September 15, 2010 (Chieti, Italy) — The use of nonsteroidal anti-inflammatory drugs (NSAIDs) is associated with an increased risk of chronic atrial fibrillation (AF), a new study suggests [1]. However, the researchers do not believe the drugs are causing AF; rather, they suggest that the underlying inflammation necessitating the NSAID therapy might be the culprit.

Dr Raffaele De Caterina (G d'Annunzio University, Chieti, Italy) and colleagues found a statistically significant 44% increase in the risk of chronic AF, but no association with paroxysmal AF, in users of NSAIDs.

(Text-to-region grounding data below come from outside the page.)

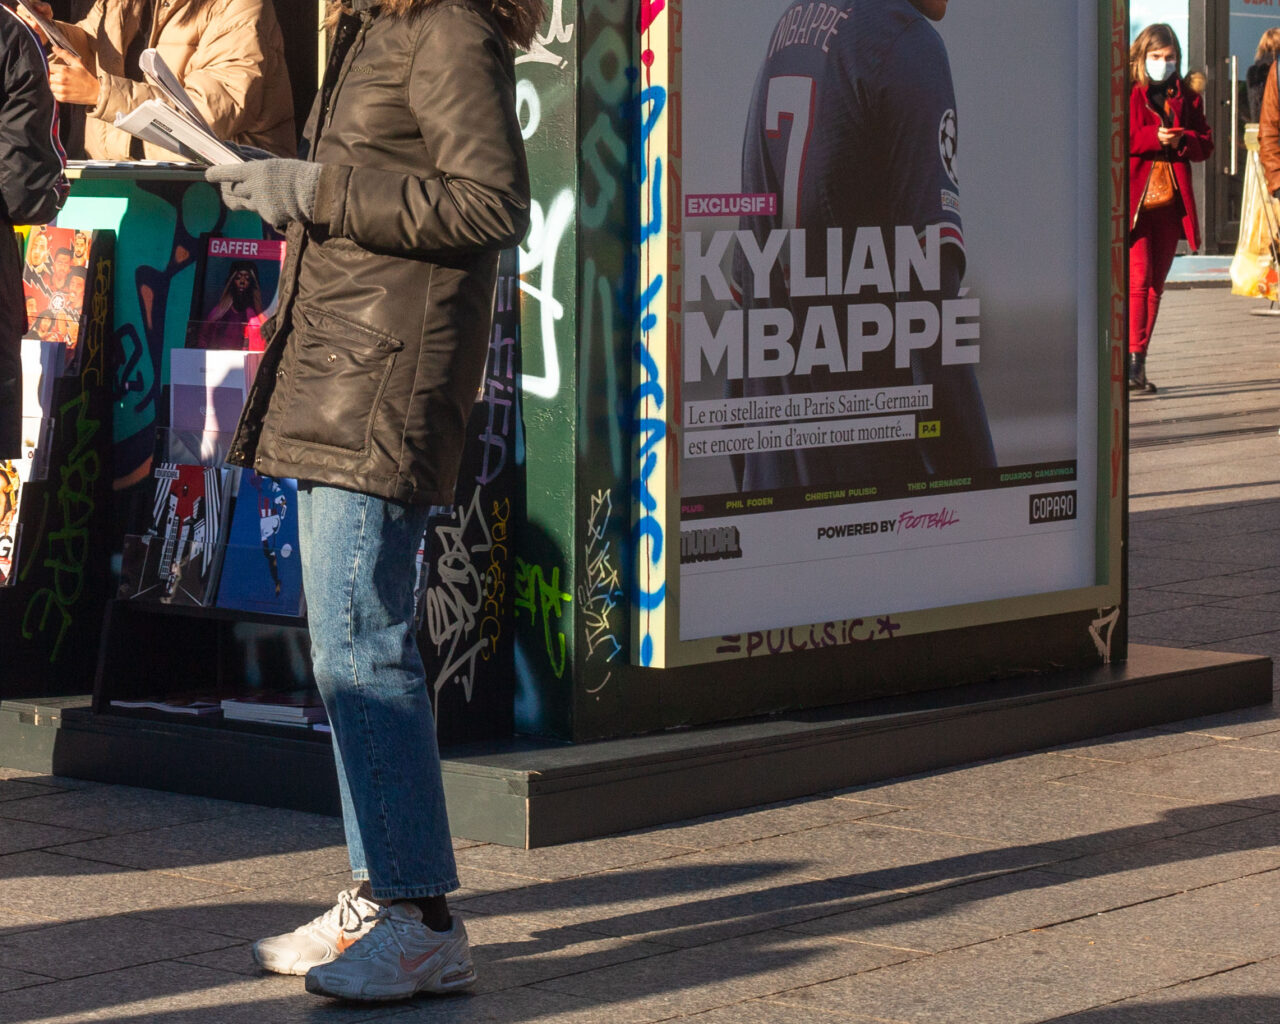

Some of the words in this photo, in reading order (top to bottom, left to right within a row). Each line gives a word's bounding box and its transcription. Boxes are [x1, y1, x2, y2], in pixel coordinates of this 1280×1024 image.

[765, 73, 817, 229] 7
[210, 239, 259, 257] GAFFER
[684, 225, 941, 302] KYLIAN
[684, 287, 980, 382] MBAPPÉ
[688, 406, 706, 425] Le
[709, 403, 728, 423] roi
[730, 398, 782, 422] stellaire
[784, 397, 802, 418] du
[803, 395, 835, 416] Paris
[837, 389, 930, 414] Saint-Germain
[688, 439, 707, 454] est
[709, 435, 754, 454] encore
[757, 427, 783, 450] loin
[830, 427, 854, 445] tout
[805, 490, 845, 501] CHRISTIAN
[848, 487, 878, 497] PULISIC
[908, 483, 927, 491] THEO
[929, 478, 972, 488] HERNANDEZ
[726, 500, 744, 509] PHIL
[747, 497, 774, 507] FODEN
[1032, 495, 1074, 519] COPA90
[817, 522, 878, 539] POWERED
[880, 520, 896, 532] BY

They also confirmed previous findings regarding the association of steroids with AF, with those taking steroids two and a half times more likely to develop chronic AF than those not taking them, they report in their paper in the September 13, 2010 issue of the Archives of Internal Medicine.

"A likely explanation for our findings is the existence of an underlying inflammatory condition, increasing the risk of AF on the one hand and prompting the use of NSAIDs on the other," they say. Future research should ideally include a description of left ventricular function, atrial size and/or function, and inflammatory markers, which would help make the association "more biologically plausible," they add.

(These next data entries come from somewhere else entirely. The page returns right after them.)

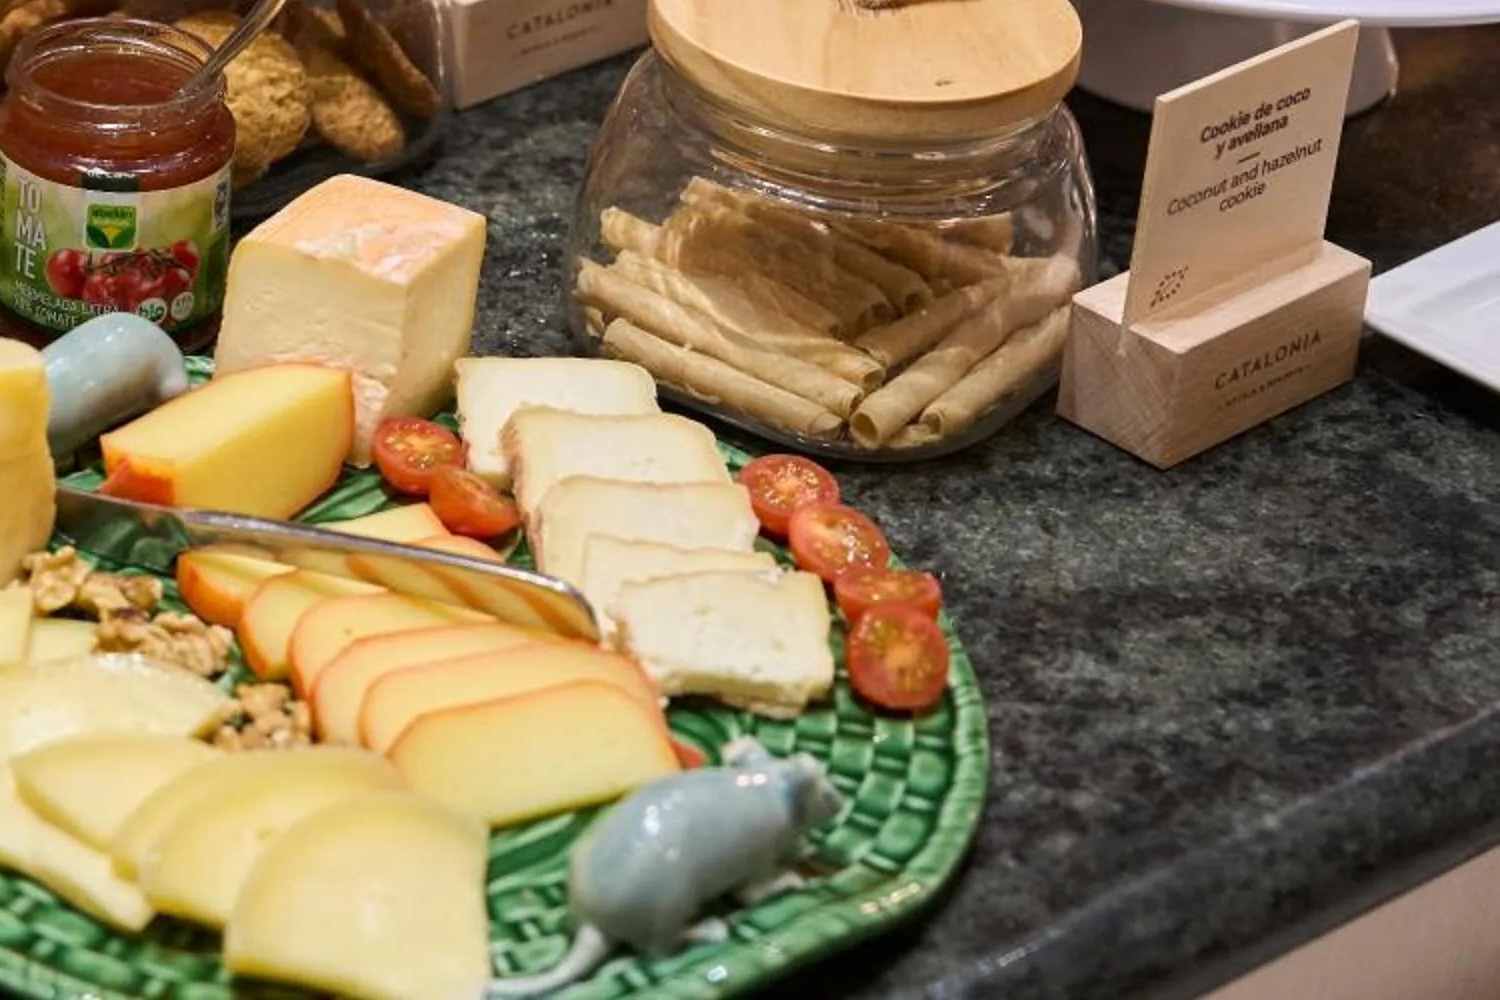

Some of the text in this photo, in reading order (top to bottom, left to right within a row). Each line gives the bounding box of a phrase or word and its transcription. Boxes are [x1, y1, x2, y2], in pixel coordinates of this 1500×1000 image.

[1200, 86, 1311, 144] Cookie de coco
[1213, 114, 1289, 160] y avellana
[18, 179, 42, 214] TO
[1166, 137, 1324, 217] Coconut and hazelnut
[1219, 181, 1267, 214] cookie
[16, 212, 47, 251] MA
[14, 242, 37, 279] TE
[1215, 330, 1321, 390] CATALONIA

A Hypothesis That Deserves Further Investigation

De Caterina et al identified patients aged 40 to 89 years with a first-ever diagnosis of AF in 1996 in the UK General Practice Research Database and classified them as having paroxysmal or chronic AF. After validation with their primary-care physicians, 1035 patients were confirmed as having incident chronic AF and 525 as having paroxysmal AF. Two separate nested case-control analyses estimated the risk of first-time chronic and paroxysmal AF among users of steroids and NSAIDS.

Increased risk of chronic AF with NSAID use was present irrespective of treatment duration, although the researchers did find an even greater risk associated with long-term use (relative risk [RR] 1.80 in those who used NSAIDs for more than one year). But there was no apparent dose-response relationship when they divided daily use into low, medium, and high.

The findings cannot be explained by the occurrence of heart failure, either, say De Caterina and colleagues, because further stratification found the increased risk of AF associated with NSAIDs was absent in those with prior HF (but present in those without HF).

They go on to explain that the most frequent pathoanatomical changes in AF are atrial fibrosis and loss of atrial muscle mass, and although it is difficult to distinguish between changes due to AF and those due to associated heart disease, fibrosis may precede the onset of AF and may be caused by inflammation.

"It is possible, and we would like to propose, that conditions presenting systemic inflammation, such as autoimmune and rheumatic disorders, represent an independent risk factor for atrial fibrosis and subsequently for an increased risk of onset or persistence of AF. We believe this hypothesis deserves further investigation," they conclude.

Data collection for the determinationof AF cases was performed with an unrestricted research grantto Centro Español de Investigación Farmacoepidemiológicafrom AstraZeneca. The authors report no disclosures.